SECTION 6.8. Rule 144. The Company hereby covenants that after the
--------
Company shall have filed a registration statement pursuant to the requirements
of Section 12 of the Exchange Act or a registration statement pursuant to the
requirements of the Securities Act and such registration statement shall have
become effective, the Company will file in a timely manner all reports required
to be filed by it under the Securities Act and the Exchange Act and the rules
and regulations adopted by the SEC thereunder (or, if the Company is not
required to file such reports, it will, upon the request of any Holder of
Registrable Securities, make publicly available other information so long as
necessary to permit sales under Rule 144), and it will take such further action
as any Holder of Registrable Securities, all to the extent required from time to
time to enable such Holders to sell Registrable Securities without registration
under the Securities Act within the limitation of the exemptions provided by
Rule 144. Upon the request of any Holder of Registrable Securities, the Company
will deliver to such Holder a written statement as to whether it has complied
with such requirements. In addition, the Company hereby agrees that for a period
of eighteen months following the date on which a registration statement filed
pursuant to Section 2 or 3 hereof shall have become effective, the Company shall
not deregister such securities under Section 12 of the Exchange Act (even if
then permitted to do so pursuant to the Exchange Act and the rules and
regulations promulgated thereunder).
SECTION 6.9. Transferability. A Holder of registration rights may
---------------
transfer the rights to any transferee who holds, subsequent to such transfer, at
least 500,000 shares of Series A Preferred Stock or Common Stock; provided (i)
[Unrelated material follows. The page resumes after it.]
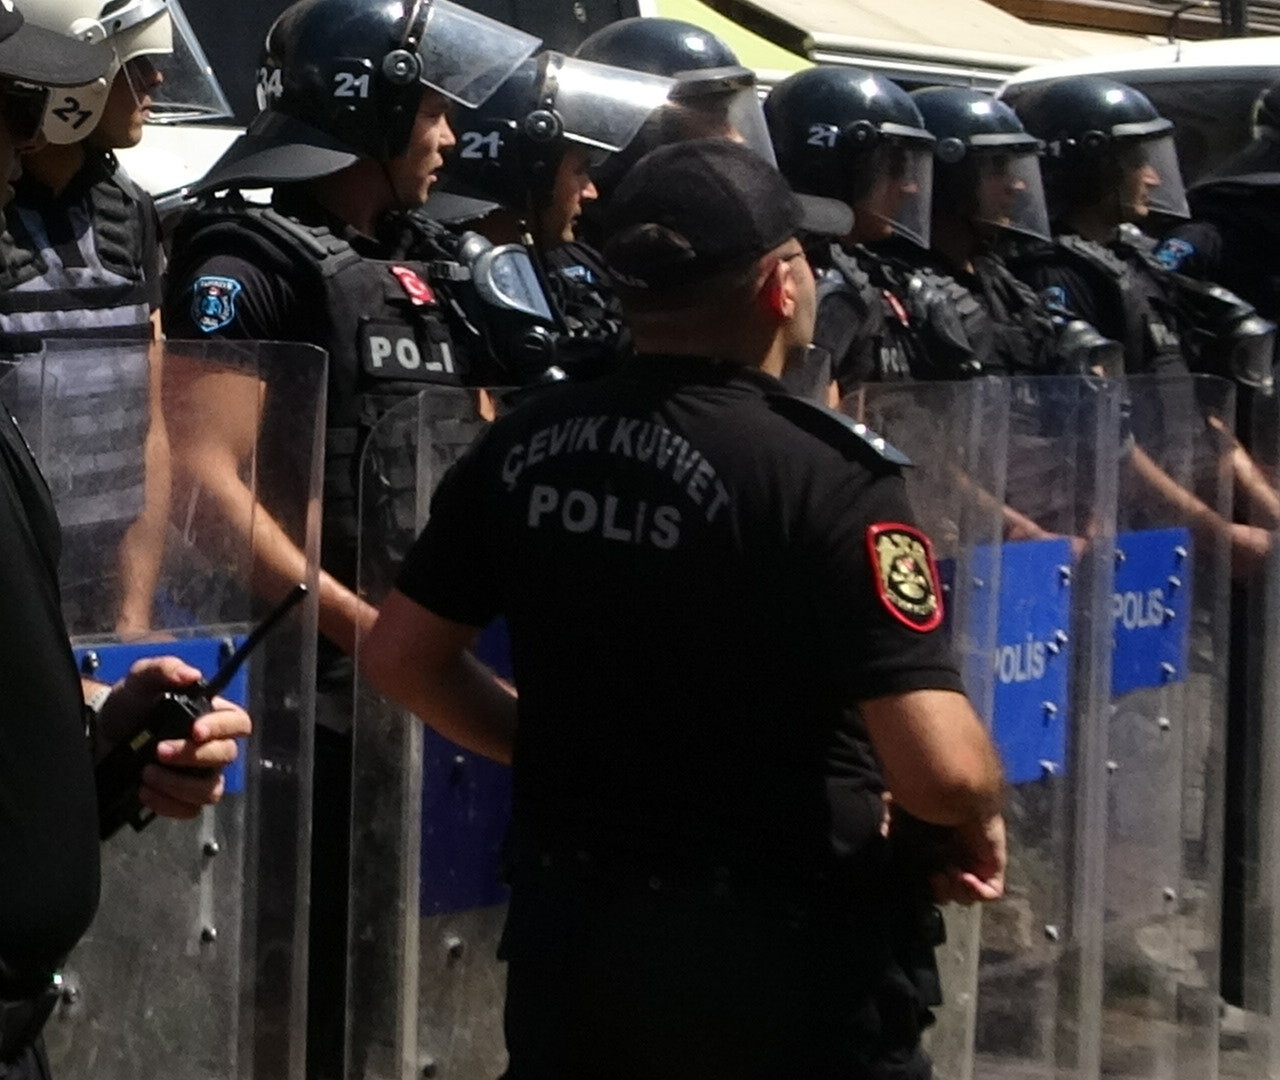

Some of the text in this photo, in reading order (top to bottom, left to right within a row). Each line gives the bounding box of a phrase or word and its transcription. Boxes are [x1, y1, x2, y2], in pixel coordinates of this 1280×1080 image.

such transferee is reasonably acceptable to the Company, (ii) the Company must
first be given written notice of the transfer and (iii) such transferee shall
have agreed in writing, in form and substance reasonably satisfactory to the
Company, to be bound by the terms of this Article VI to the same extent and in
the same manner as the transferor of such shares or securities.
SECTION 6.10. No Inconsistent Agreements. The Company will not hereafter
--------------------------
enter into any agreement with respect to its securities which is inconsistent
with, or grants rights superior or pari passu to, the rights granted in this
Article VI; provided that the Company may grant registration rights to the
Founders that are substantially similar to the rights granted in this Article
VI, so long as such rights provide that the registration rights granted under
this Article VI will be superior to the fights of the Founders in any
registration in which a Holder exercises his right to register shares.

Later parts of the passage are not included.